Exercise material
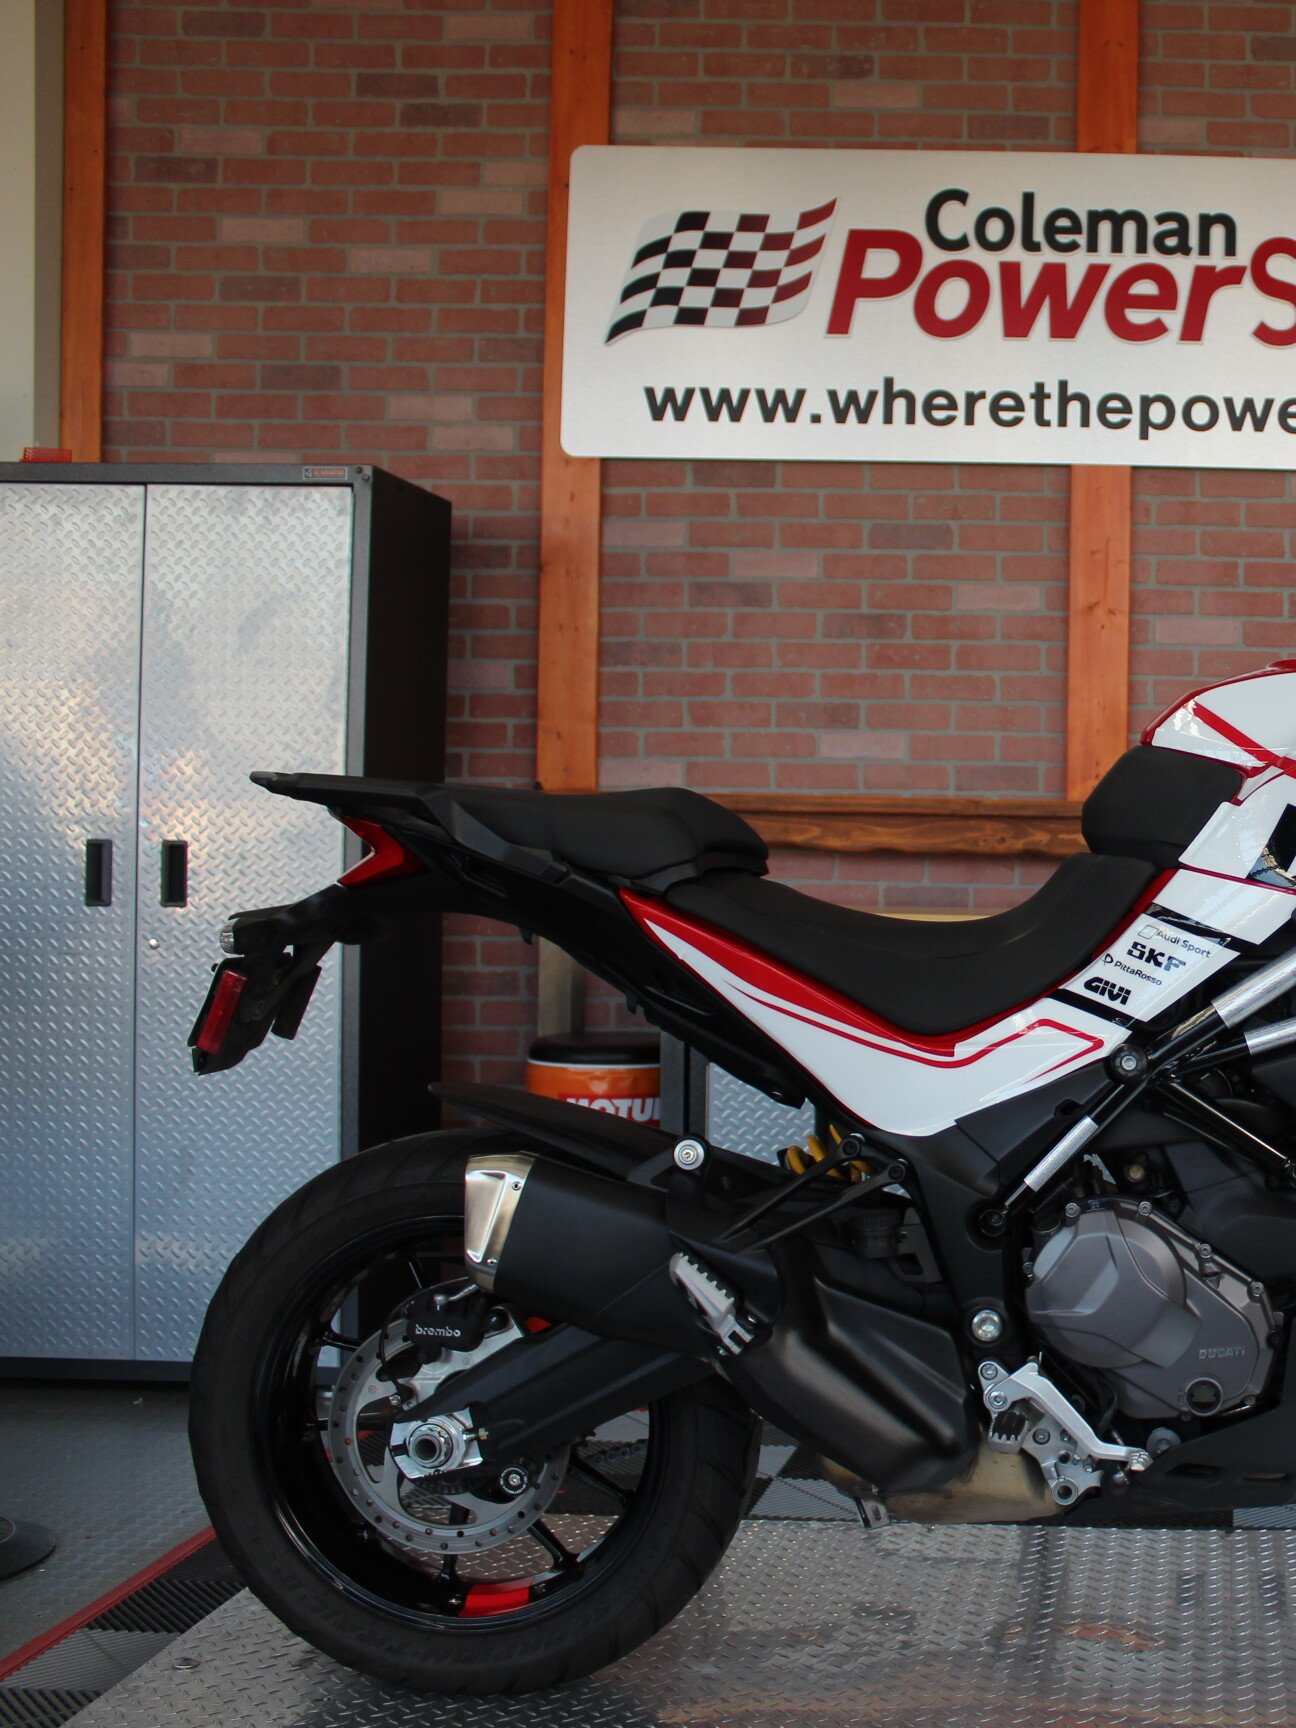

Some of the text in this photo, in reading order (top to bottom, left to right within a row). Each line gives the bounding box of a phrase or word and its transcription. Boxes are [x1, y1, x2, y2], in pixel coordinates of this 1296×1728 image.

[924, 187, 1237, 257] Coleman
[1126, 941, 1187, 972] SKF
[1156, 929, 1212, 959] Audi Sport
[1114, 960, 1163, 987] PittaRosso
[1083, 976, 1132, 1006] GIVI
[566, 1096, 661, 1122] OTU
[415, 1324, 462, 1338] brembo
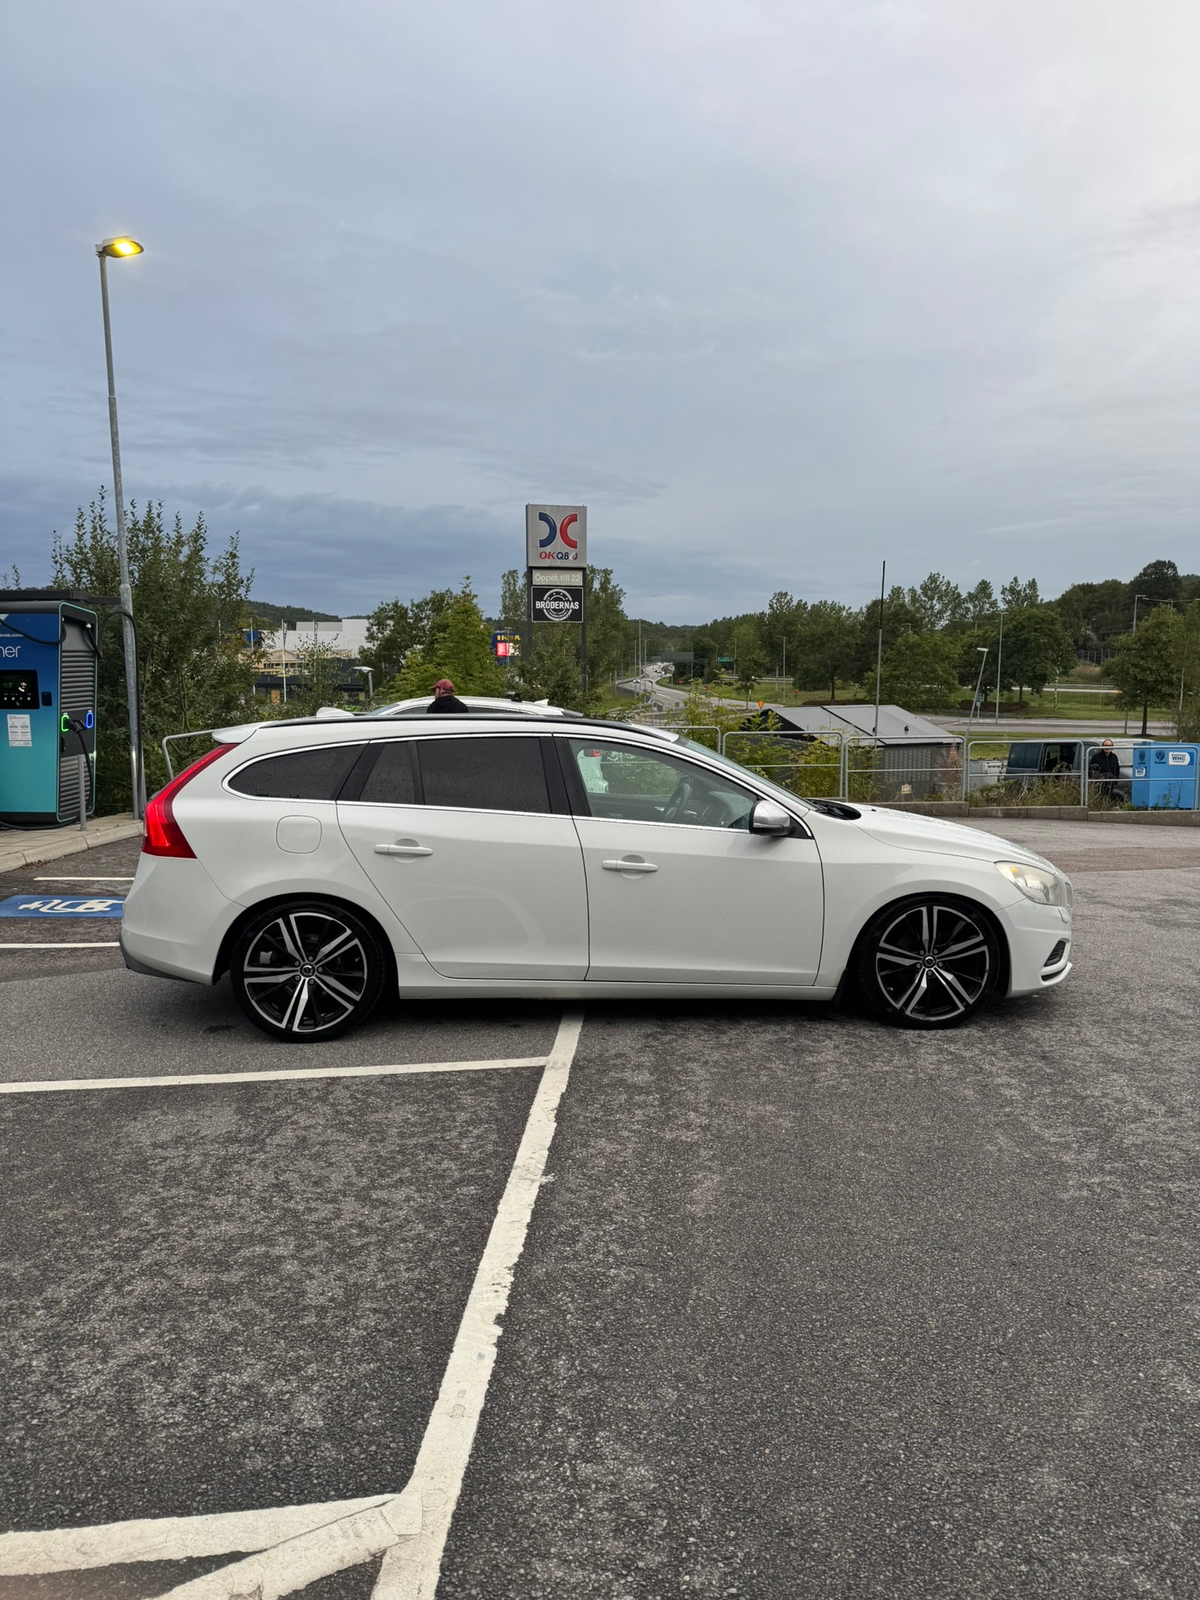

Your assignment
From the records given above, reproduce all text exactly and exclude each picture.

Reply to the task
Some of the text in this photo, in reading order (top to bottom, left to right within a row). Each line gives the bounding box of a phrase or word and its transcription. Boxes are [x1, y1, x2, y2], in pixel coordinates of this 1296×1728 image.

[924, 187, 1237, 257] Coleman
[1126, 941, 1187, 972] SKF
[1156, 929, 1212, 959] Audi Sport
[1114, 960, 1163, 987] PittaRosso
[1083, 976, 1132, 1006] GIVI
[566, 1096, 661, 1122] OTU
[415, 1324, 462, 1338] brembo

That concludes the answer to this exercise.